Stored data

.....

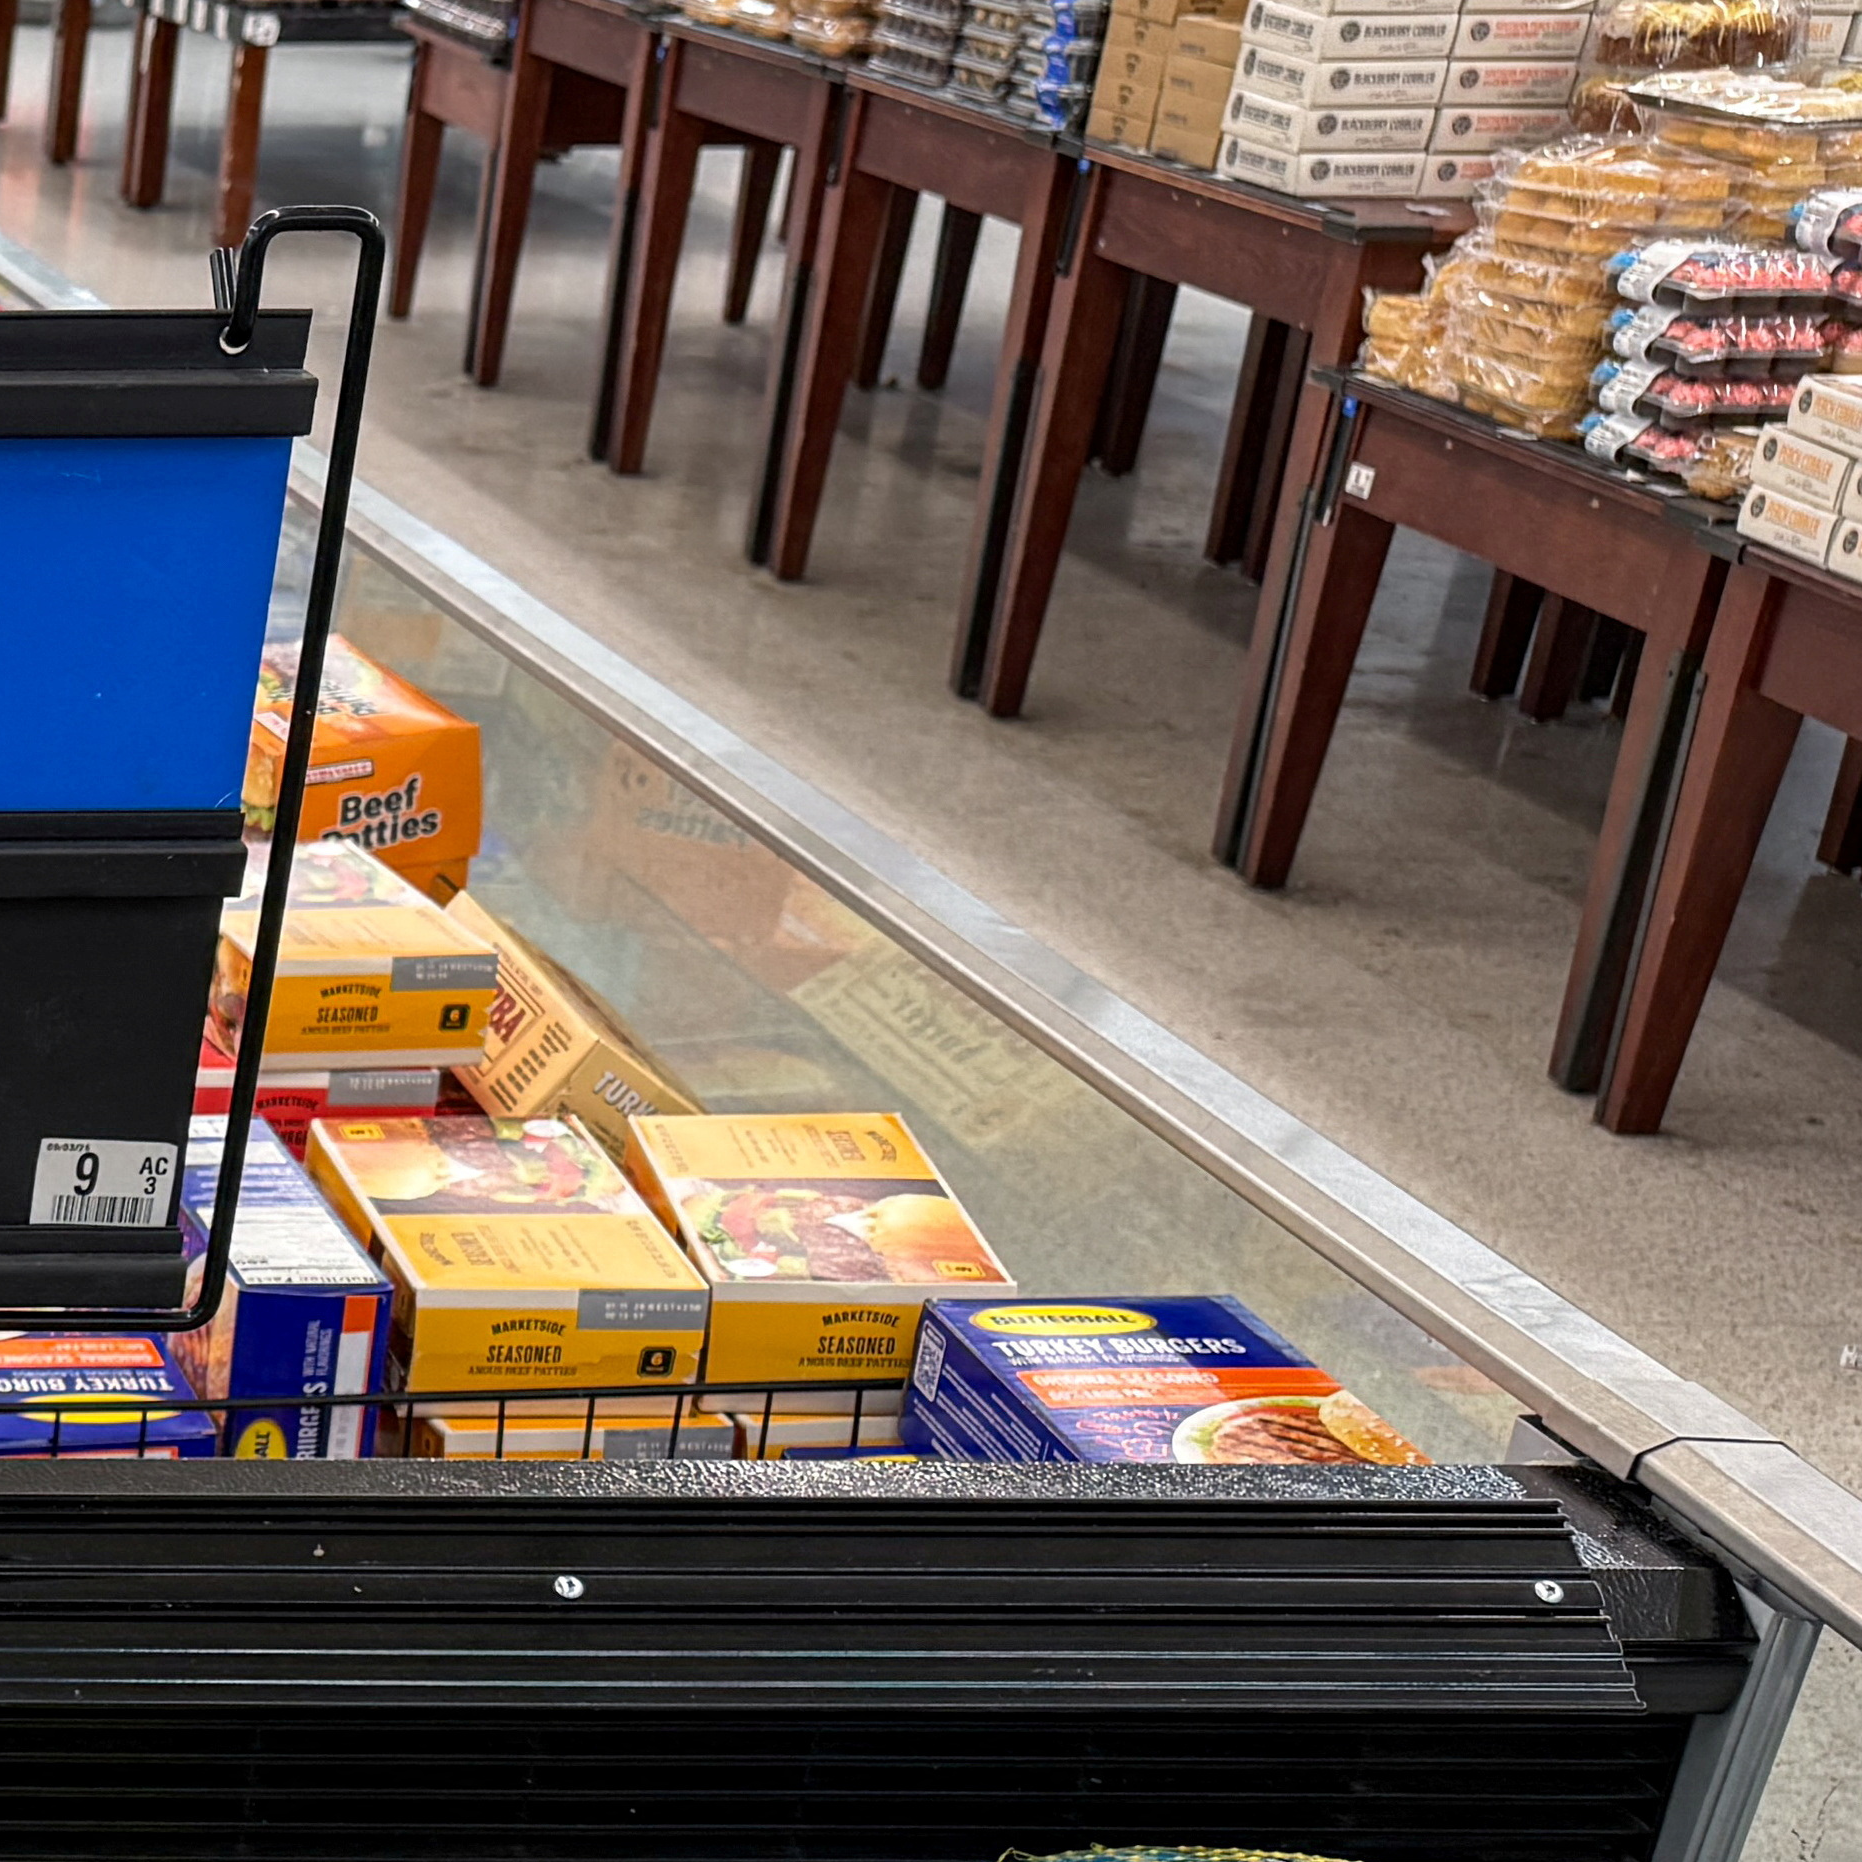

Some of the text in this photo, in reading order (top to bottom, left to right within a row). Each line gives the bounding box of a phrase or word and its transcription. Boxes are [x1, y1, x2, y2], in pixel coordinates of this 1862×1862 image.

[1412, 25, 1446, 37] COBBLER
[1401, 73, 1436, 84] COBBLER
[339, 775, 419, 828] Beef
[319, 984, 382, 999] MARKETSIDE
[316, 1005, 378, 1024] SEASONED
[74, 1152, 168, 1195] 9 AC
[144, 1177, 156, 1194] 3
[822, 1309, 900, 1328] MARKETSIDE
[990, 1315, 1138, 1325] BUTTERBALL
[491, 1319, 567, 1337] MARKETSIDE
[486, 1345, 562, 1364] SEASONED
[817, 1336, 896, 1355] SEASONED
[993, 1339, 1246, 1357] TURKEY BURGERS
[75, 1376, 174, 1392] TURKEY

.....

* **Instructions for the task**
Could the data above be copied out exactly, with no pictures kept?

* **The answer**
Some of the text in this photo, in reading order (top to bottom, left to right within a row). Each line gives the bounding box of a phrase or word and its transcription. Boxes are [x1, y1, x2, y2], in pixel coordinates of this 1862×1862 image.

[1412, 25, 1446, 37] COBBLER
[1401, 73, 1436, 84] COBBLER
[339, 775, 419, 828] Beef
[319, 984, 382, 999] MARKETSIDE
[316, 1005, 378, 1024] SEASONED
[74, 1152, 168, 1195] 9 AC
[144, 1177, 156, 1194] 3
[822, 1309, 900, 1328] MARKETSIDE
[990, 1315, 1138, 1325] BUTTERBALL
[491, 1319, 567, 1337] MARKETSIDE
[486, 1345, 562, 1364] SEASONED
[817, 1336, 896, 1355] SEASONED
[993, 1339, 1246, 1357] TURKEY BURGERS
[75, 1376, 174, 1392] TURKEY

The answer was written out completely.